Tenía diez
años cuando nació Cristina, hija de su tío y padrino, Titi. Titi se casó tardío
y la niña llegó, inesperada, cinco años después. Entretanto se había desvivido
por ella, por la ahijada que le convertía en visitante asiduo del hogar de la
hermana y del cuñado, en compañero de paseo por los Jardines del Alcázar, en
constructor de castillos de arena en la playa de Sanlúcar.
En
apariencia las cosas no cambiaron demasiado al nacer Cristina, solo que
entonces las visitas tomaron el sentido contrario: era ella con sus padres
quienes agasajaban a la pequeña de inmensos ojos verdes heredados de la nórdica
belleza de Nora, su madre. Titi no dejó de ir a buscarla cada sábado. Ella jugaba
con Cristina hasta donde lo permitía su diferencia de edad. Envidiaba
secretamente algunos de sus juguetes. Como aquella caja de música con espejito y
bailarina multiplicada en su reflejo que se incorporaba nada más levantar la
tapa y giraba. Ella apreciaba el milagro, Cristina, no, qué desperdicio. Titi no
dejó de llevarla al Alcázar, si bien ya no paseaba con ella porque sostenía los
pasos vacilantes de Cristina. Ni de invitarla a restaurantes y hoteles cuando
Cristina tuvo edad para ir. No dejó de hacerle regalos. Titi seguía
comportándose como siempre, solo que Cristina estaba allí.
Unos
años después, ella dejó su ciudad debido al trabajo paterno. Un trabajo
detenido feliz y puntualmente cada agosto, lo cual permitía el reencuentro en
Sanlúcar. Allí, Titi volvía a centrarse en ella que, ya adolescente y huraña,
bajaba a la playa a bañarse a primera hora. Titi la observaba desde la terraza.
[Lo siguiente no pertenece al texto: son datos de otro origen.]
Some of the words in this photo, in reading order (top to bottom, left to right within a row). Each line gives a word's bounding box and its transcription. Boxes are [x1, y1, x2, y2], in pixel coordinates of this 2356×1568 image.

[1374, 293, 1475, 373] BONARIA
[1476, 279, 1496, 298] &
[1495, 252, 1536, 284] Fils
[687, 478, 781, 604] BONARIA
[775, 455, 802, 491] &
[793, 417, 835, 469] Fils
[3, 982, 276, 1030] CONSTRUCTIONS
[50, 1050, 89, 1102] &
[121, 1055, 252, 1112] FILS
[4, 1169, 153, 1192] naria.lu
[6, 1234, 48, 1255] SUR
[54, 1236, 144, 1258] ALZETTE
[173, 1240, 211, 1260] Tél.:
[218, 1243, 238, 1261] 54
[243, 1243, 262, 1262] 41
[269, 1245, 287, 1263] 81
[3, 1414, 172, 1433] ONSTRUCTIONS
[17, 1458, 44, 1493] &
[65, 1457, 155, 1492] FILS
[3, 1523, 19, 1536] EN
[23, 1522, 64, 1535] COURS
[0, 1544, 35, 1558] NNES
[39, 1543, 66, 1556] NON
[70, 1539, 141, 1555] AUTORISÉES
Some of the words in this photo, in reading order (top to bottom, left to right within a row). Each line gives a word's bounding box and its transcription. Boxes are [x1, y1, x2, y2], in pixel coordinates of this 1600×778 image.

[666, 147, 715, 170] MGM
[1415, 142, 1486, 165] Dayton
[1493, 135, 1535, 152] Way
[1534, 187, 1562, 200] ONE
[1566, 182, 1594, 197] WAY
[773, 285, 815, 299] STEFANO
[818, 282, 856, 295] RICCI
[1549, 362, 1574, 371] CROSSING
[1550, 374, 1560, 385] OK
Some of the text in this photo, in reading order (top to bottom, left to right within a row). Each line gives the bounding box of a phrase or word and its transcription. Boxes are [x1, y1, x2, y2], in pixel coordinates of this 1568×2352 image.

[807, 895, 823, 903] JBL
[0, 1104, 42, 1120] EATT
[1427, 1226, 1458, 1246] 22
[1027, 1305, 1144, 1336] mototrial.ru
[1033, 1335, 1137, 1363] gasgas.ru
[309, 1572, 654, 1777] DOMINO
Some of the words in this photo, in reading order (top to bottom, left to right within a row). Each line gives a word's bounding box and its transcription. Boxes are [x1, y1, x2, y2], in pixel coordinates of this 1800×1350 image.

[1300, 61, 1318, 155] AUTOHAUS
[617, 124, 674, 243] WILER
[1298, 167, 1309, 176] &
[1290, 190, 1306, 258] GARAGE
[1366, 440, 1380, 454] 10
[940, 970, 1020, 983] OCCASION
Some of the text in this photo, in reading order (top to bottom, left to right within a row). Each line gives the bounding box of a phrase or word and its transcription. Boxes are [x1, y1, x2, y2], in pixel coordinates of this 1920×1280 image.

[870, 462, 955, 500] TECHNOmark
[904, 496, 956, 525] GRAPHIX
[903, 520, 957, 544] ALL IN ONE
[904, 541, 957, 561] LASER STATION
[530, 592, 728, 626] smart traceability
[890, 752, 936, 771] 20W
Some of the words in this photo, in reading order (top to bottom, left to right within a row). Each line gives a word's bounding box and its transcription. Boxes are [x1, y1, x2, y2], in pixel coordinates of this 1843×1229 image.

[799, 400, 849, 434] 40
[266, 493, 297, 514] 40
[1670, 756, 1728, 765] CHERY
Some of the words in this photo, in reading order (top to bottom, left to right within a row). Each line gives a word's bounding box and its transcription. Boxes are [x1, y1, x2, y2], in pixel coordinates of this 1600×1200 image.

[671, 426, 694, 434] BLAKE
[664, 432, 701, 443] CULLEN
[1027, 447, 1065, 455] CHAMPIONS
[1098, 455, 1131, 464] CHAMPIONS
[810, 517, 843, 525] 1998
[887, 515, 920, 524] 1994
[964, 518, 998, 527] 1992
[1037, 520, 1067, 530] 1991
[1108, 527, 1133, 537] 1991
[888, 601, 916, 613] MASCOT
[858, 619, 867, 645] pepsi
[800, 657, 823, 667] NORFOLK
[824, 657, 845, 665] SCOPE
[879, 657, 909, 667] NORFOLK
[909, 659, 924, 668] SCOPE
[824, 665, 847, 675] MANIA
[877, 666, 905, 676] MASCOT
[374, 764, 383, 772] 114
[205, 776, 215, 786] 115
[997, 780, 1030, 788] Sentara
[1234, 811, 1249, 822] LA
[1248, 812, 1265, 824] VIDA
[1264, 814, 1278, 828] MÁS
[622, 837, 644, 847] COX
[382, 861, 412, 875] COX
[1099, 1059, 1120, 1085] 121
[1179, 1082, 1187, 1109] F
Nadaba para él, se zambullía una vez y otra para él a pesar del agua fría y el
sol a medio encender. La playa, desierta, les pertenecía.
A mitad
de mañana, los hombres organizaban una partida de Continental bajo el toldo
alrededor de una mesita plegable. Las mujeres tomaban el sol. Ella se encajaba entre
las sillas de los jugadores. Buscaba la sombra, el silencio, y concentrarse en
la lectura del momento cerca de Titi que levantaba la vista de las cartas cada
poco, la miraba y sonreía. «La más inteligente de la
familia, ¿cómo estás, preciosa?». Ese “preciosa” centelleaba en la
voz de Titi que hacía sonar la ce como ese.
En el
horizonte, resistían los gritos de Nora: «¡Sal ya!¡Que
salgas, Tina!». Cristina, harta del puñado de
indicaciones que le llovían, se hacía la sorda. Y la voz punzante de Nora se
dirigía a los jugadores para hacer blanco en Titi, «La niña
no me hace caso. Ya es la una, tiene que comer». Titi se
levantaba, volvía con Cristina. De reojo, ella vigilaba los movimientos de Nora
y Cristina mientras recogían; contaba aquellos minutos eternos. Después, Titi y
ella se alejaban hacia la zona menos concurrida. A Titi le gustaba nadar, ella
no podía seguir su brazada larga, aguardaba en la orilla. La mayoría de los
días subía con él al apartamento. Comían en la terraza. Siempre, en algún
momento, ella se acercaba a la baranda, imaginaba cómo la vio él esa mañana, ideaba
piruetas para ofrecerle al día siguiente. Después de comer, Nora se llevaba a
Cristina a dormir la siesta, Titi se recostaba en su sillón, ella cruzaba el
rellano para meterse en casa.
Fue
cosa de Titi que el padre de ella comprara el apartamento de enfrente. «Es un disparate comprar un piso para disfrutarlo un mes y vivir de
alquiler el resto del año», había argumentado ante su
mujer y su cuñado inútilmente. Titi podía permitirse dos casas en propiedad,
ganaba mucho dinero en Sudamérica con el negocio de maquinaria agrícola. Mucho.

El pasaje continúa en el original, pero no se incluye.